Kerkez was voted player of the month for August at Bournemouth. On 2 November 2024, he provided two assists, one to Antoine Semenyo and another one to Evanilson, in a 2–1 victory over Manchester City. On 30 November 2024, Kerkez scored his first goal for Bournemouth in a 4–2 win against Wolverhampton Wanderers. In November, his goal was voted goal of the month for Bournemouth. On 4 January 2025, he provided an assist to David Brooks in a 1–0 victory over Everton in the 2024–25 Premier League season. On 18 January 2025, he scored the fourth goal in a 4–1 victory over Newcastle United at St James' Park in the 96th minute. Kerkez was voted the player of the month in March for Bournemouth.

On 19 June 2025, it was announced that Kerkez was one of six nominees for the PFA Young Player of the Year award.

=== Liverpool ===
On 26 June 2025, Kerkez joined Liverpool on a five-year deal, for a fee believed to be £40m. He played his first official match in a defeat on penalties to Crystal Palace in the 2025 FA Community Shield match at Wembley Stadium.
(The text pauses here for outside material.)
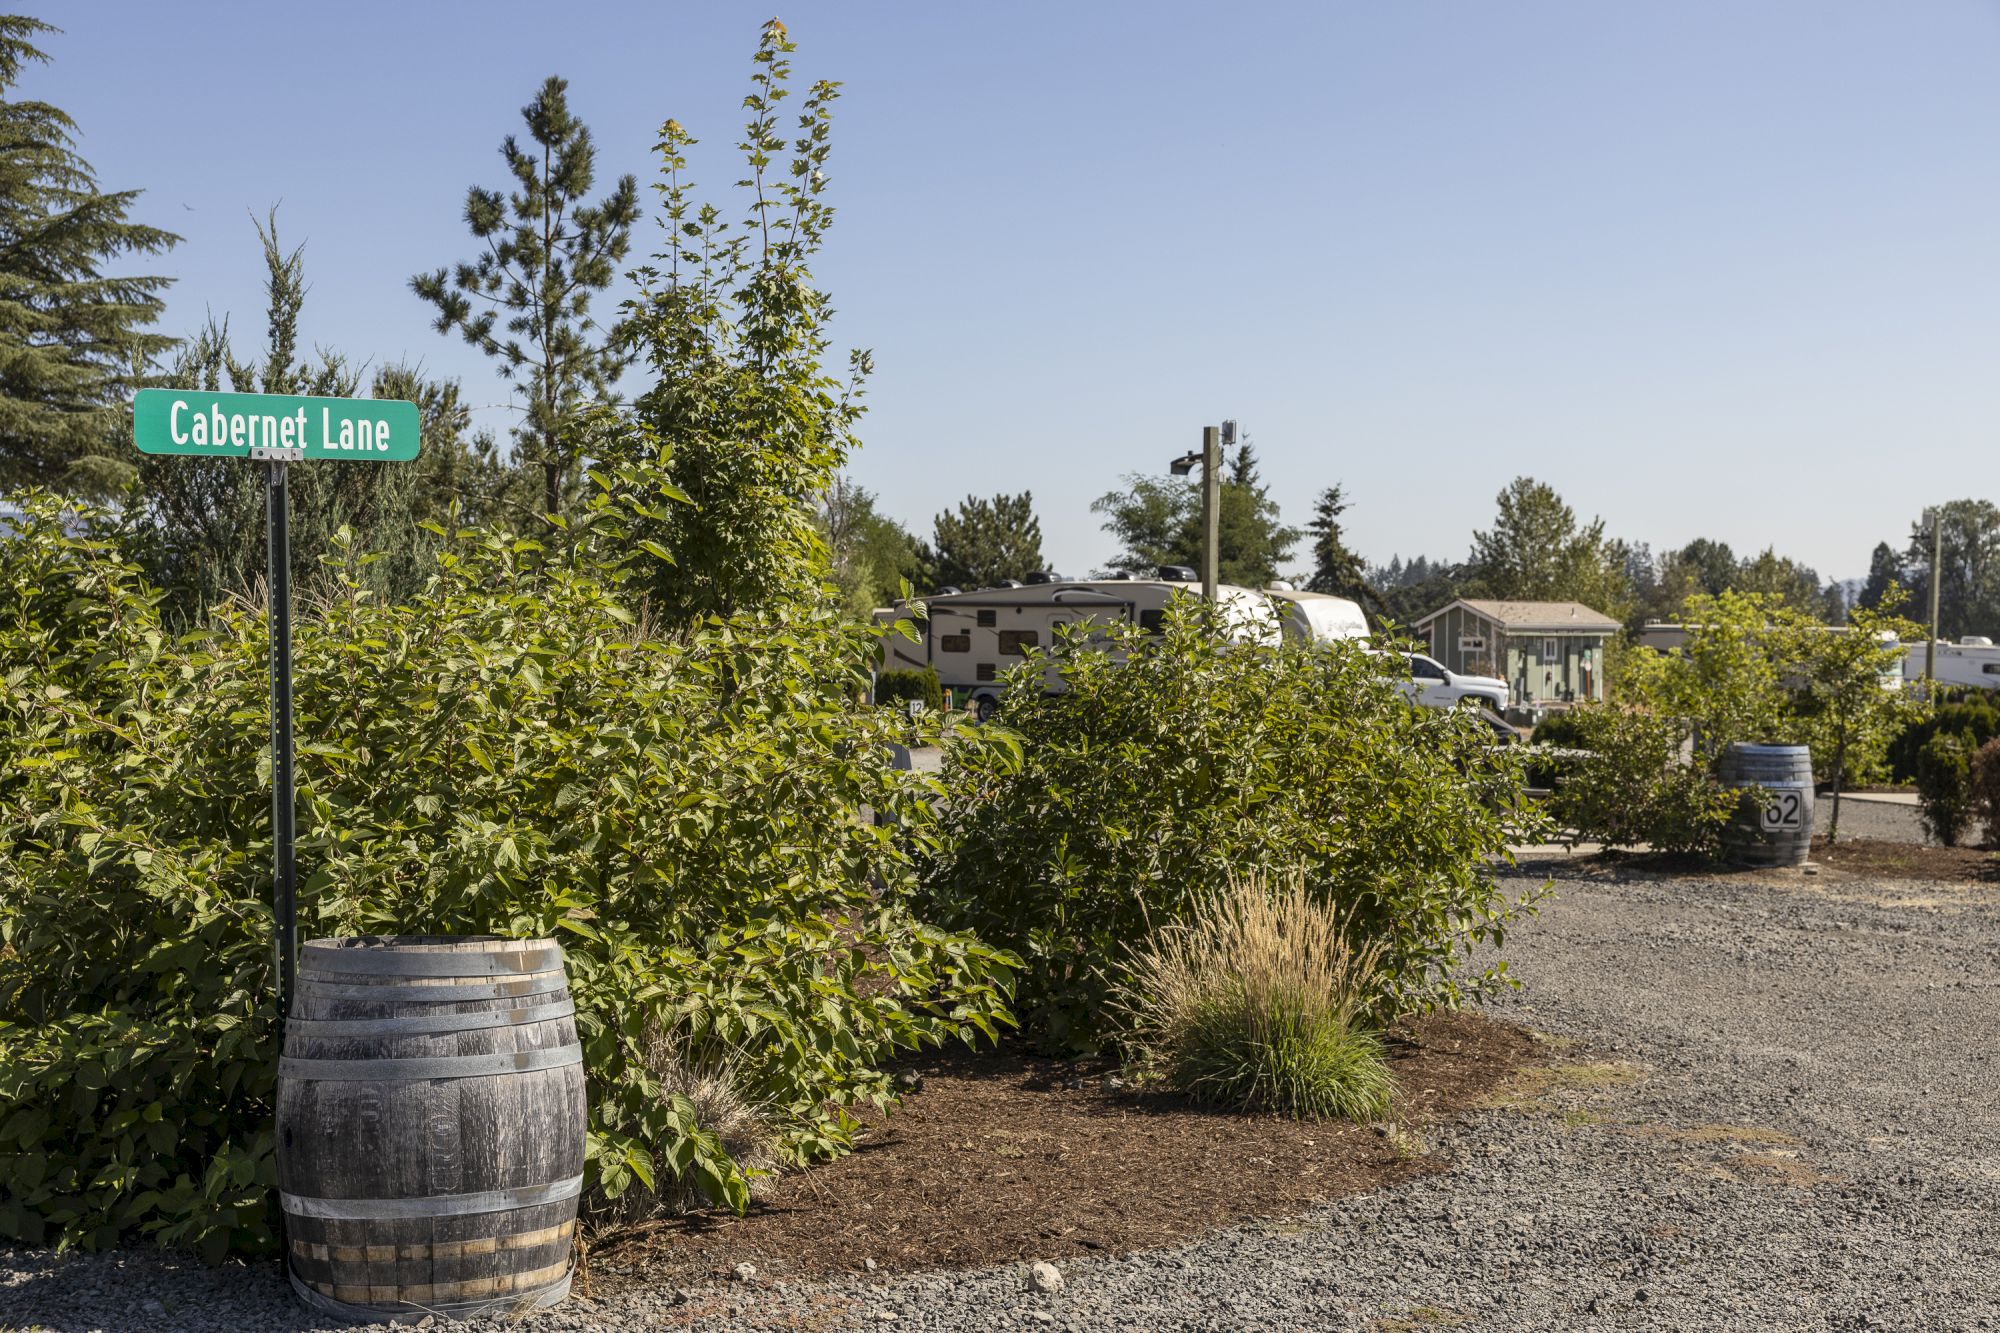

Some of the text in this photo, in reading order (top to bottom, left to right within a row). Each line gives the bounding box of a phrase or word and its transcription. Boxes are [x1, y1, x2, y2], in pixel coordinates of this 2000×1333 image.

His debut at Anfield ended with a 4–2 victory over his previous club, Bournemouth, on 15 August 2025. Kerkez started the match then was substituted for Andy Robertson in the 60th minute. On 25 October, he scored his first goal for Liverpool in a 3–2 away defeat against Brentford in the Premier League. On 8 January 2026, he was voted the Player of the Match against Arsenal. On 21 March 2026, he scored his second goal for the club an equalizer in a 2–1 defeat against Brighton & Hove Albion at the Falmer Stadium.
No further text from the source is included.